Et combien de morts avions-nous causés, cette fois-ci ?
Livide, par pur automatisme, je portais ma main à ma bouche. Mon estomac venait de se retourner, mon maigre repas avait du mal à passer.
— Respire profondément, fit soudainement quelqu'un.
Une poigne venait de se plaquer à mon dos, je reçus un coup tout contre, peu appréciable, mais assez fort pour me faire revenir à la réalité. Avant même que je puisse me remuer, Jean vint s'asseoir à mes côtés, poussant un soupir alors que les soldats s'agglutinaient autour de la scène centrale.

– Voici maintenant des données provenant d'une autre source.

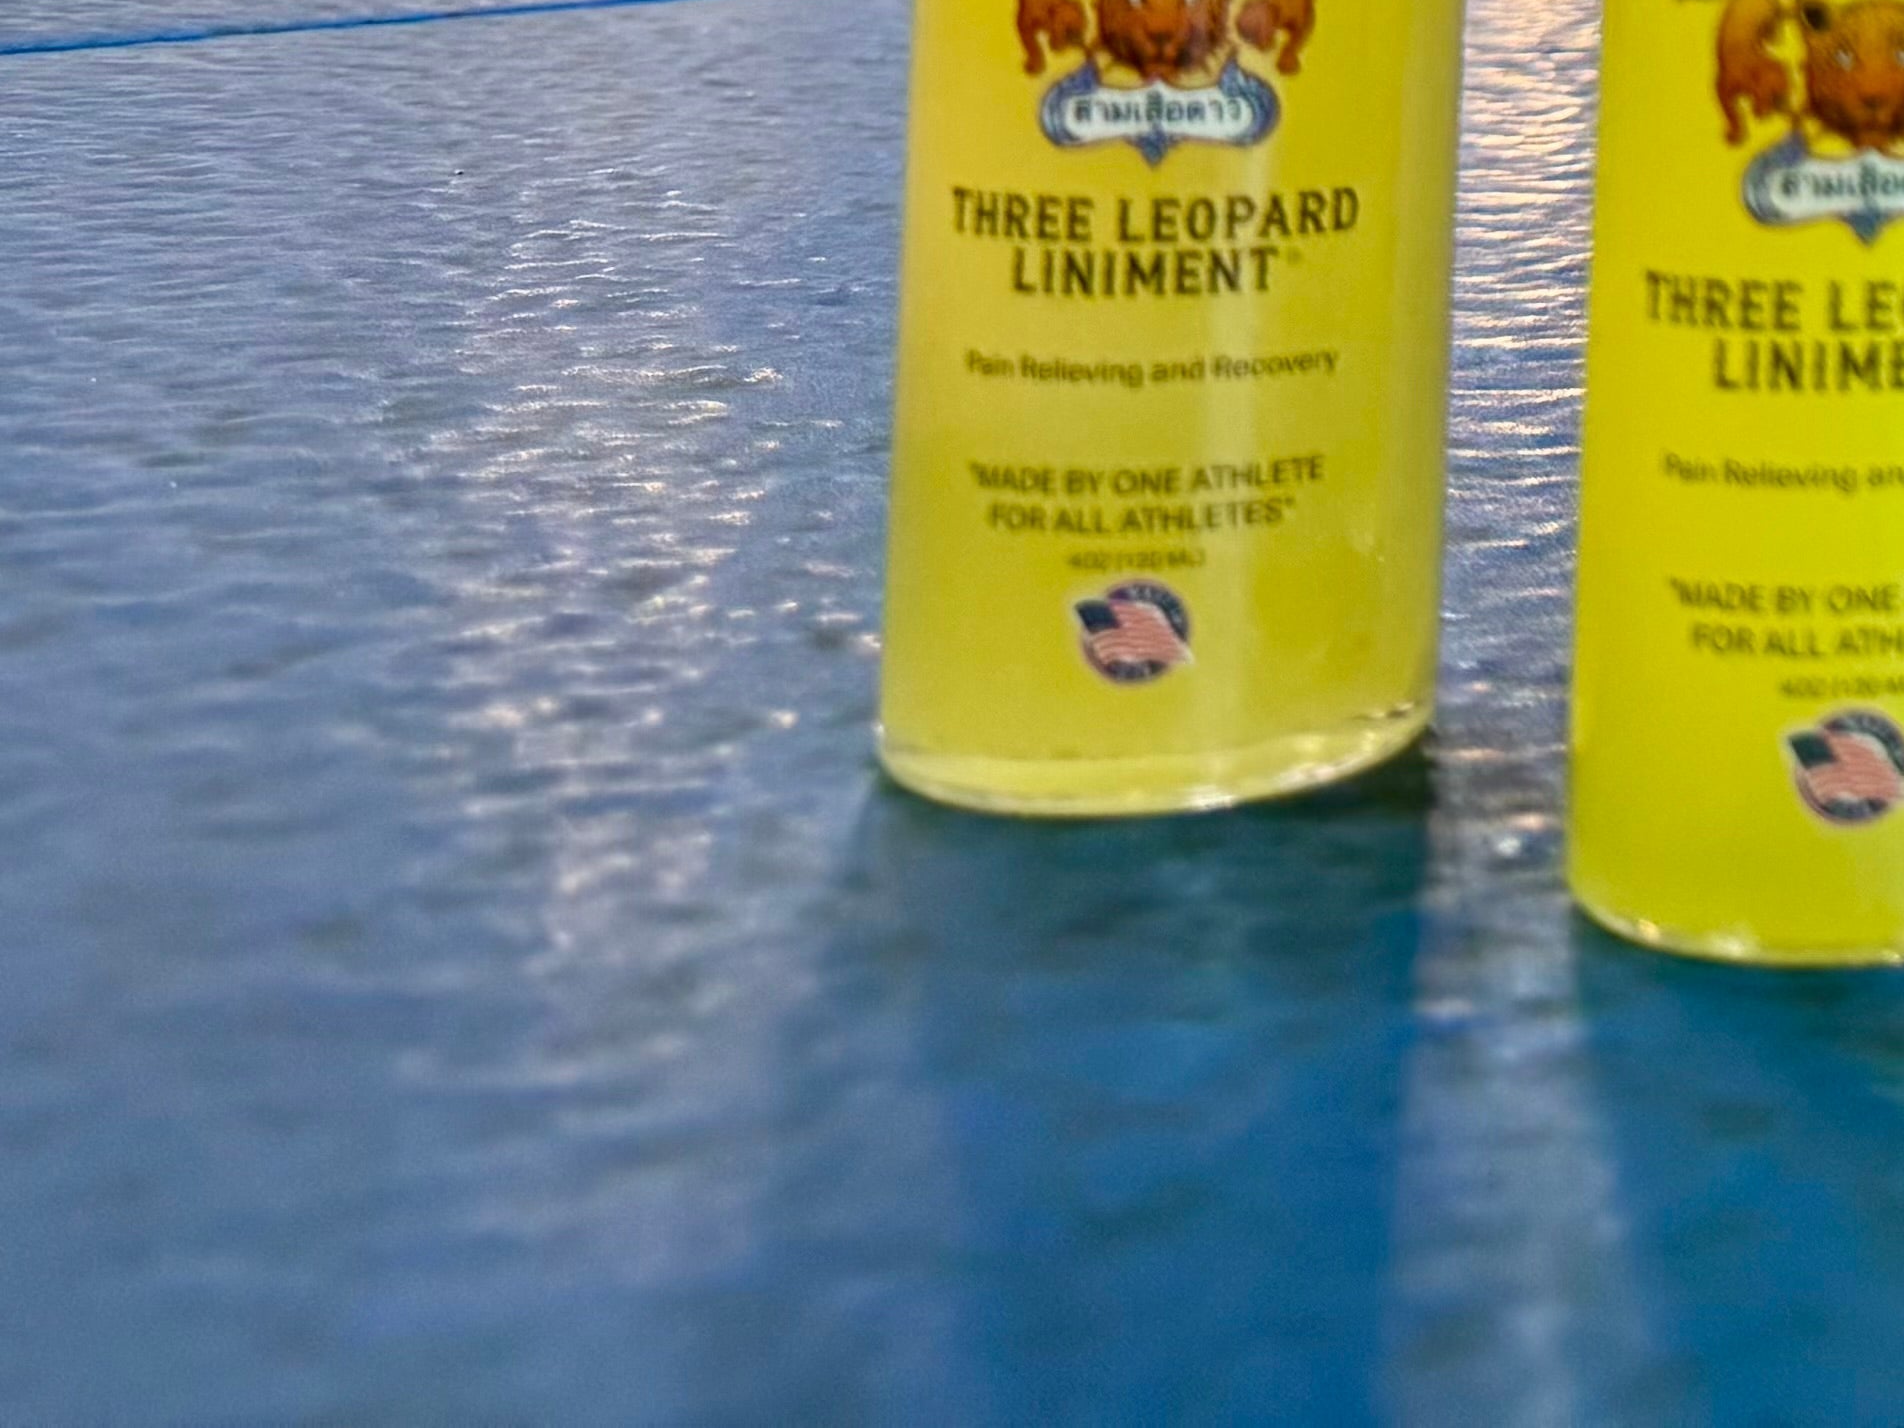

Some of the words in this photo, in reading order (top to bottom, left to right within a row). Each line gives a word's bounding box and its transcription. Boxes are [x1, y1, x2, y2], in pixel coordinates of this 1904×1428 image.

Je fermais les yeux, la main contre mon corps, je me concentrais sur mes battements, et d'un coup, ma tête se cambra en arrière, mes poumons se gonflèrent d'air frais, je relâchai tout, d'un seul coup. Toujours nauséeuse, je sentais cependant ma gorge se calmer et mes remontées acides s'adoucir. Après quelques minutes de silence, silence qui n'avait pourtant rien de dérangeant, je réussis à me tourner vers lui. Il fixait la fumée s'évaporer du titan d'Eren, sans grande expression.
— T'en as pas marre de t'occuper de mes crises d'angoisses ? finissais-je par répondre.
Tiqué, il fronça les sourcils, avant même que je réagisse, il me donna une claque derrière le crâne.
— Aïe ! rouspétais-je, plaquant mes deux mains à l'arrière de ma tête.
— Et toi, t'en as pas marre de jouer les durs alors que tu gères rien du tout ? répliqua-t-il.
Prise de court, je le fixais, tout comme il le faisait. Au bout d'un petit silence, je m'avouais vaincu, pouffant tout en roulant des yeux.
— Un point pour toi, fis-je, regroupant mes jambes contre ma poitrine.
— Un merci aurait suffi, idiote, râla Jean.
— Oh, et bien, « merci ».
Jean incarnait peut-être trop bien l'humanité. Il possédait une force que je n'avais pas encore acquise : celle de garder une ténacité implacable, peu importe la situation. Pourtant, notre première rencontre m'avait prouvé que, lui aussi, il pouvait vaciller. Rien que de me rappeler des rues pavées de sang, le mien se glaçait.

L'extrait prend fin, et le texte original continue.